About the job
Cerebras Systems is revolutionizing the AI industry by developing the world’s largest AI chip, 56 times the size of traditional GPUs. Our innovative wafer-scale architecture delivers the computational power of dozens of GPUs on a single chip, while simplifying programming to the ease of a single device. This unique approach enables Cerebras to achieve unmatched training and inference speeds, empowering machine learning professionals to seamlessly operate large-scale ML applications without the complexities of managing multiple GPUs or TPUs.
Our esteemed clientele includes leading model labs, global corporations, and pioneering AI-native startups. Recently, OpenAI announced a multi-year partnership with Cerebras, aiming to leverage 750 megawatts of scale to transform critical workloads through ultra high-speed inference.

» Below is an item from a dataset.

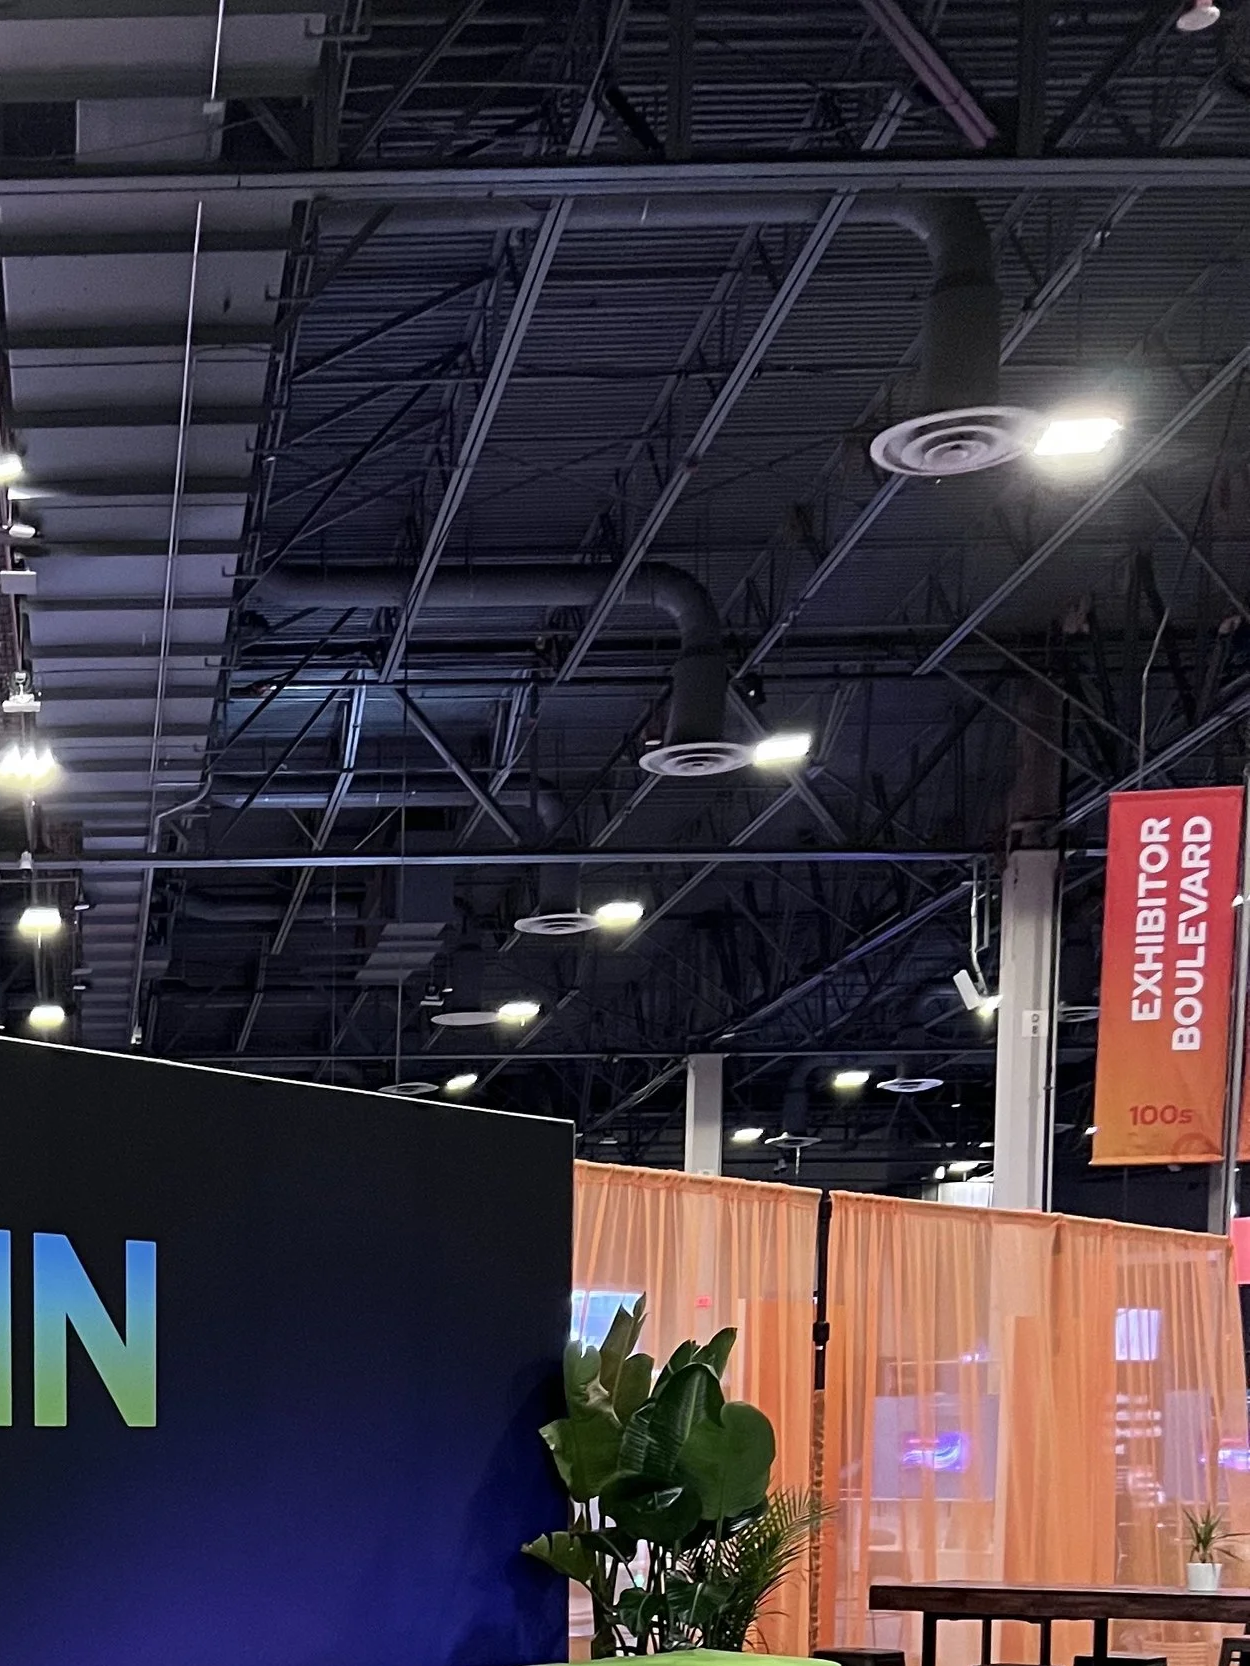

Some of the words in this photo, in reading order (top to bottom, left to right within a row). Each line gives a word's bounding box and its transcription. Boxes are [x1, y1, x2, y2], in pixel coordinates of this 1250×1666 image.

With our groundbreaking wafer-scale architecture, Cerebras Inference provides the fastest Generative AI inference solution globally, achieving speeds over 10 times faster than GPU-based hyperscale cloud inference services. This unprecedented speed enhances the user experience of AI applications, enabling real-time iterations and increased intelligence through advanced computation capabilities.
About The Role
The AI Infrastructure Operations Engineer (SiteOps) is an entry-level position focusing on the deployment, initialization, monitoring, and first-response troubleshooting of Cerebras AI infrastructure within data center settings. This role plays a critical part in supporting Cerebras systems, cluster server hardware, networking hardware, and monitoring tools.
Your responsibilities will include ensuring the reliable operation and scalability of Cerebras AI clusters by executing established hardware initialization and validation protocols, monitoring telemetry data, performing initial troubleshooting, and escalating issues according to predefined workflows.